Things that suck: seven line macros in Lower Jeuno.
That which sucks worse: Multiple seven-plus line macros going off at the same time in Low Jeuno.
Maybe not; they're not so annoying as they are merely entertaining:
I quote Mark Twain, in his
The Awful German Language. It sums up my feelings nicely on these travesties of the shout channel. Twain describes oddities of the German language but many aspects of it are relevant to my rant:
Quote:
Some German words are so long that they have a perspective. Observe these examples:
* Freundschaftsbezeigungen.
* Dilettantenaufdringlichkeiten.
* Stadtverordnetenversammlungen.
These things are not words, they are alphabetical processions. And they are not rare; one can open a German newspaper at any time and see them marching majestically across the page -- and if he has any imagination he can see the banners and hear the music, too. They impart a martial thrill to the meekest subject. I take a great interest in these curiosities. Whenever I come across a good one, I stuff it and put it in my museum. In this way I have made quite a valuable collection. When I get duplicates, I exchange with other collectors, and thus increase the variety of my stock. Here are some specimens which I lately bought at an auction sale of the effects of a bankrupt bric-a-brac hunter:
* Generalstaatsverordnetenversammlungen.
* Alterthumswissenschaften.
* Kinderbewahrungsanstalten.
* Unabhaengigkeitserklaerungen.
* Wiedererstellungbestrebungen.
* Waffenstillstandsunterhandlungen.
Of course when one of these grand mountain ranges goes stretching across the printed page, it adorns and ennobles that literary landscape -- but at the same time it is a great distress to the new student, for it blocks up his way; he cannot crawl under it, or climb over it, or tunnel through it. So he resorts to the dictionary for help, but there is no help there. The dictionary must draw the line somewhere -- so it leaves this sort of words out. And it is right, because these long things are hardly legitimate words, but are rather combinations of words, and the inventor of them ought to have been killed.
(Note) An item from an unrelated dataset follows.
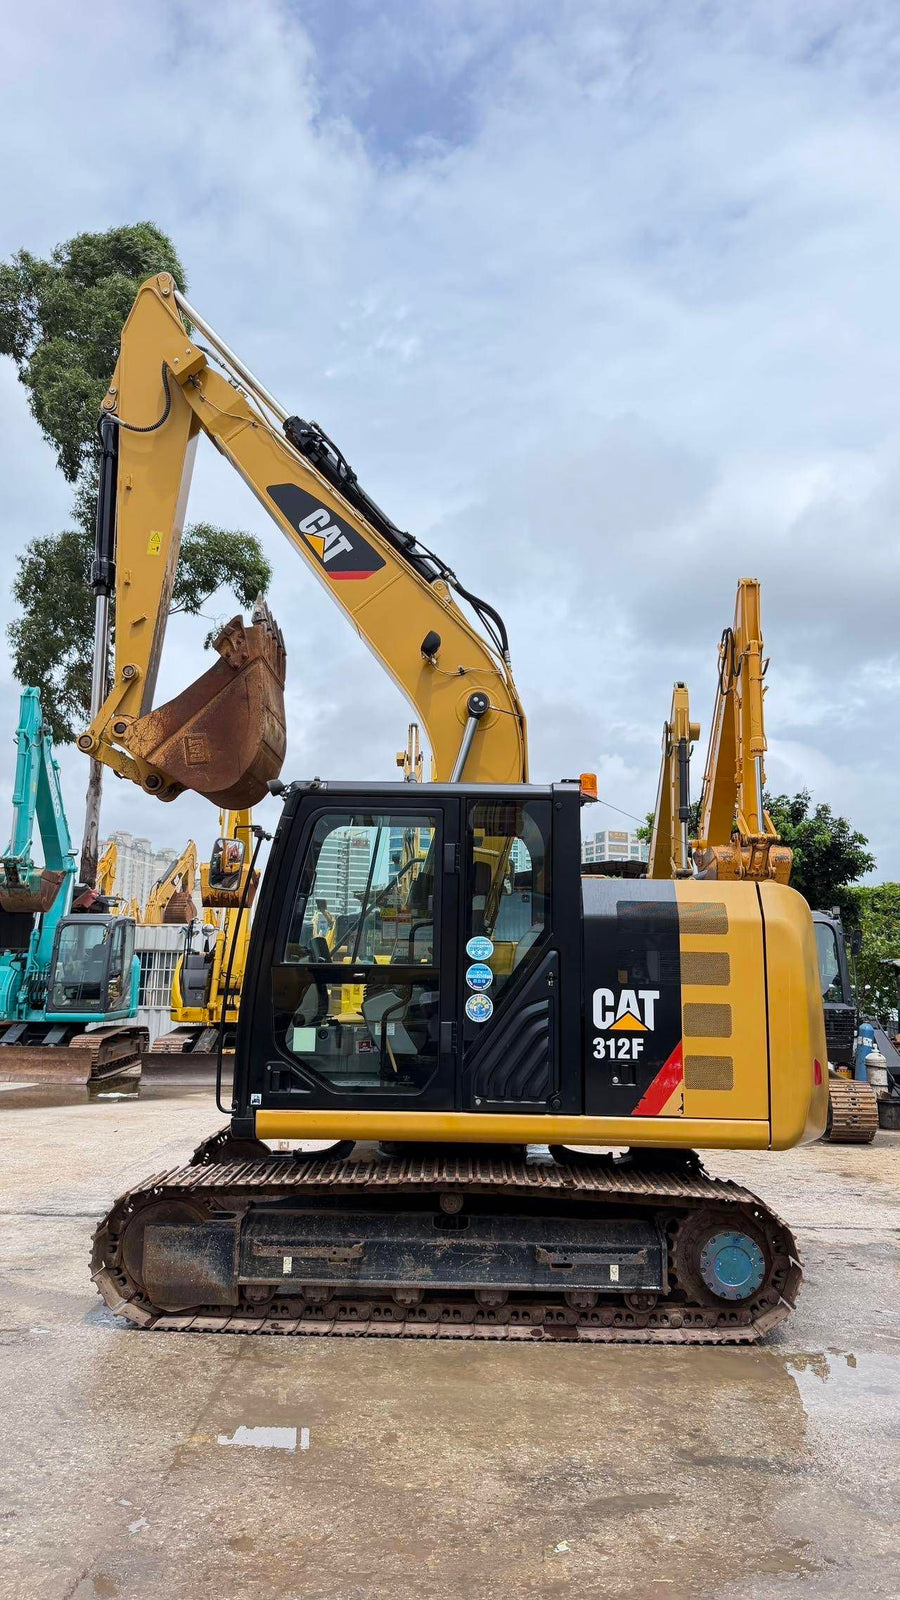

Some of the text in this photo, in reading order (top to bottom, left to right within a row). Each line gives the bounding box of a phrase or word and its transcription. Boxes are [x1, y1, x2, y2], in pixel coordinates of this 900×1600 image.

[298, 508, 354, 563] CAT
[592, 988, 660, 1031] CAT
[592, 1037, 644, 1059] 312F
One can easily see the similarities between the macros and this. The Kanji ones are my favorite: it looks like gibberish, and a
whole lot of gibberish at that. They march across the bottom of the screen not unlike a marching band; and as Twain described, with a little imagination one can see the festive banners and the music accompanying them. The autotranslator gets thrown out the window with scant few clues to the content for the others. This annoys me little, but it is certainly amusing.
And if the German players ever start making seven line macros, it'll make my day.